Solutions

We automate clinical evidence extraction for medical necessity reviews, post-payment audits, and fraud investigations. Our platform reads encounter documentation, hospice certifications, and DMEPOS records — identifying incongruence between billed services and clinical documentation.

For hospice oversight, the system cross-references face-to-face certification narratives against patient clinical records, flagging discrepancies such as a certification claiming oxygen dependence when the most recent clinical note documents normal oxygen saturation on room air and independent daily activity.

For encounter-level review, the platform reads submitted documentation and determines whether the clinical record supports the billed service — distinguishing between active clinical management and incidental historical mentions.

Every finding is source-cited with the specific document, section, and paragraph linked to each determination. All outputs are audit-ready and designed for integration into existing medical review workflows.

We read encounter documentation submitted to support diagnosis codes and determine whether the clinical record reflects active management of the condition — medication adjustments, lab orders, symptom assessment — or merely a historical problem list mention without clinical action.

Our platform structures evidence for chart review and HCC validation workflows, providing reviewers with a clear determination of whether each encounter supports the submitted risk adjustment code. The specific clinical evidence and source document are linked to every finding.
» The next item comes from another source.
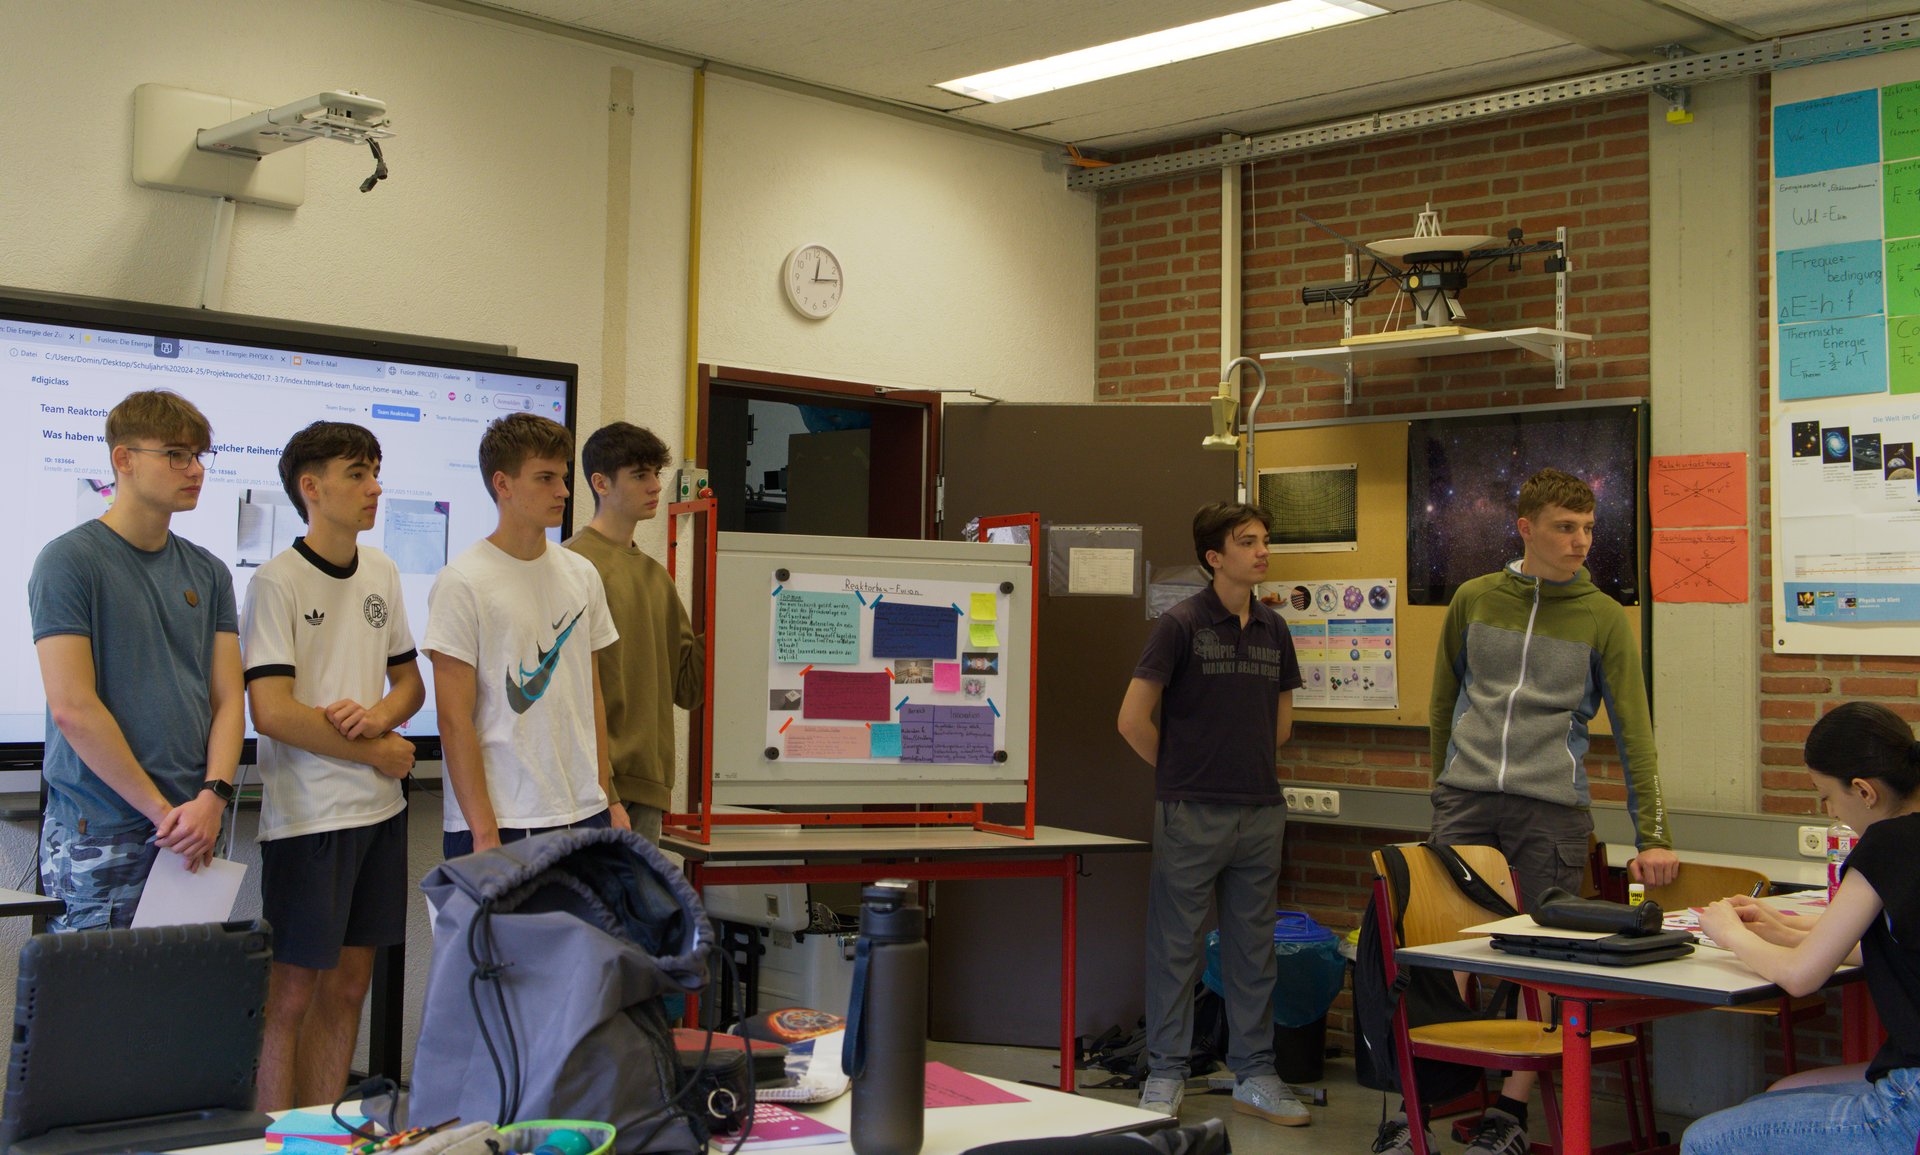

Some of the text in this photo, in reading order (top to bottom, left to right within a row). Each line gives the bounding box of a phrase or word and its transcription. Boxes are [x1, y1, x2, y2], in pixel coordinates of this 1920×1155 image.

The system processes encounter notes across multiple specialties and identifies documentation patterns that indicate insufficient support for the submitted diagnosis, such as a condition appearing only in the problem list without corresponding assessment, treatment, or monitoring documentation in the encounter note.

We empower provider organizations to submit clean, compliant prior authorization requests and claims to Medicare, Medicaid, and commercial payers.

Our platform extracts clinical criteria from oncology progress notes, pathology reports, and specialty records — mapping extracted biomarker results, staging, performance status, and prior therapy history against payer-specific drug criteria.

The system flags missing documentation and clinical mismatches before submission. When a pathology report shows a biomarker status that contraindicates the requested therapy, the system catches it before the PA is submitted — preventing a denial cycle that typically delays treatment by 5 to 7 days.

For oncology, the platform performs multi-document clinical reasoning — cross-referencing molecular pathology results with the treating oncologist's progress note to verify that biomarker status, staging, performance status, and prior therapy history align with the specific payer criteria for the requested drug.

We extract clinical evidence from unstructured documents to support HEDIS measure closure, STAR Ratings improvement, and eCQM reporting.

Our platform identifies care gaps buried in clinical narratives that structured claims data alone would miss — such as a completed screening documented only in a progress note, a lab result filed in an unstructured PDF, or a blood pressure reading recorded in a clinical narrative without a corresponding structured observation.

Evidence is mapped to specific measure criteria with lookback window validation and source citations for audit compliance. The platform supports automated numerator and denominator identification and integrates with CQL-based measure evaluation engines for digital quality measurement workflows.